Mr. Gay stated, "Ongoing efforts to innovate operationally, control material costs, reduce labor expenses and streamline our marketing and sales infrastructure remain a key management focus this fiscal year. Our larger corporate customers have continued to expand and consolidate their geographic influence in many major US markets. Small to medium chains of health food stores and natural food markets that aggressively market and promote are experiencing revenue expansion, while some smaller retailers that fail to implement these competitive tactics face an uphill battle. Management and our employees would like to express appreciation to our customers and stockholders for their ongoing support."
ABOUT NUTRACEUTICAL
We are an integrated manufacturer, marketer, distributor and retailer of branded nutritional supplements and other natural products sold primarily to and through domestic health and natural food stores. Internationally, we market and distribute branded nutritional supplements and other natural products to and through health and natural product distributors and retailers. Our core business strategy is to acquire, integrate and operate businesses in the natural products industry that manufacture, market and distribute branded nutritional supplements. We believe that the consolidation and integration of these acquired businesses provides ongoing financial synergies through increased scale and market penetration, as well as strengthened customer relationships.

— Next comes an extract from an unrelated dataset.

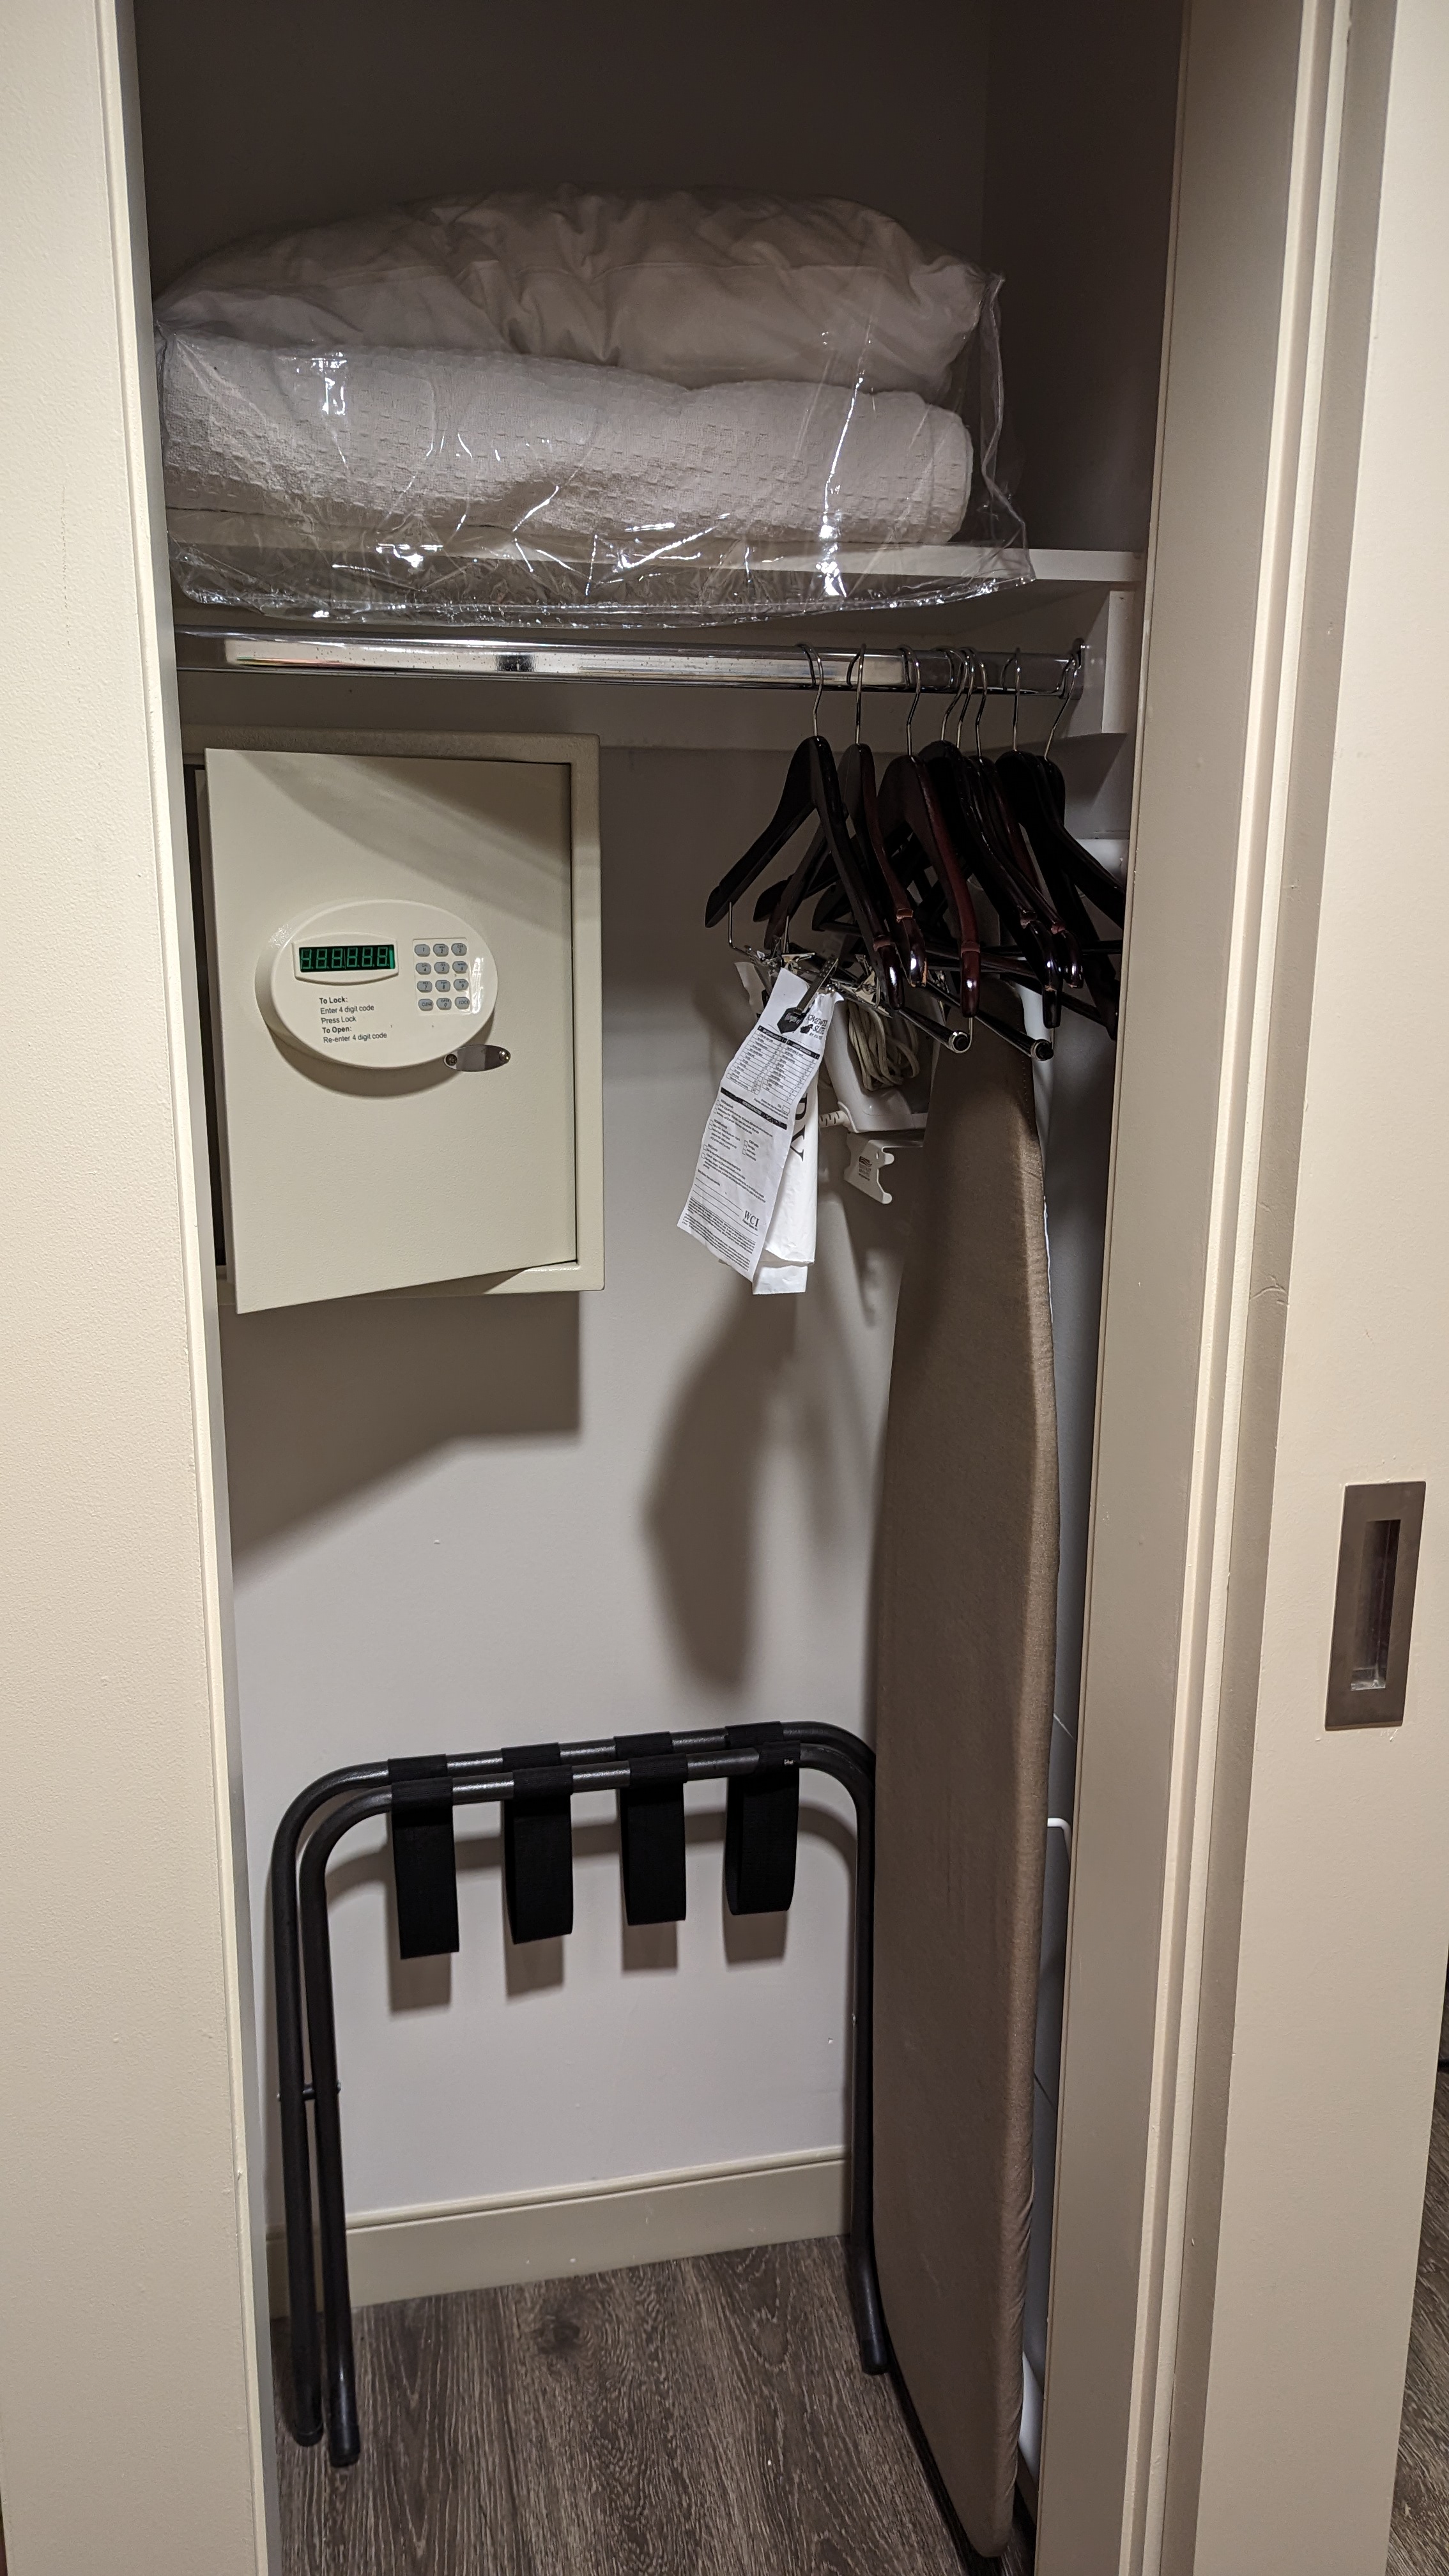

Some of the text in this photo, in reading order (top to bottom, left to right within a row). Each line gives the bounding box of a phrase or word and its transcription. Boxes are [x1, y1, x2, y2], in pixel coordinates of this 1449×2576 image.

We manufacture and sell nutritional supplements and other natural products under numerous brands including Solaray®, KAL®, Nature's Life®, LifeTime®, Natural Balance®, bioAllers®, Herbs for Kids®, NaturalCare®, Health from the Sun®, Life-flo®, Organix South®, Pioneer® and Monarch Nutraceuticals™.
We own neighborhood natural food markets, which operate under the trade names The Real Food Company™, Thom's Natural Foods™ and Cornucopia Community Market™. We also own health food stores, which operate under various trade names including Fresh Vitamins™, Granola's™, Nature's Discount® and Warehouse Vitamins™.
We manufacture and/or distribute one of the broadest branded product lines in the industry with approximately 7,500 SKUs, including approximately 1,000 SKUs sold internationally. We believe that as a result of our emphasis on innovation, quality, loyalty, education and customer service, our brands are widely recognized in health and natural food stores and among their customers.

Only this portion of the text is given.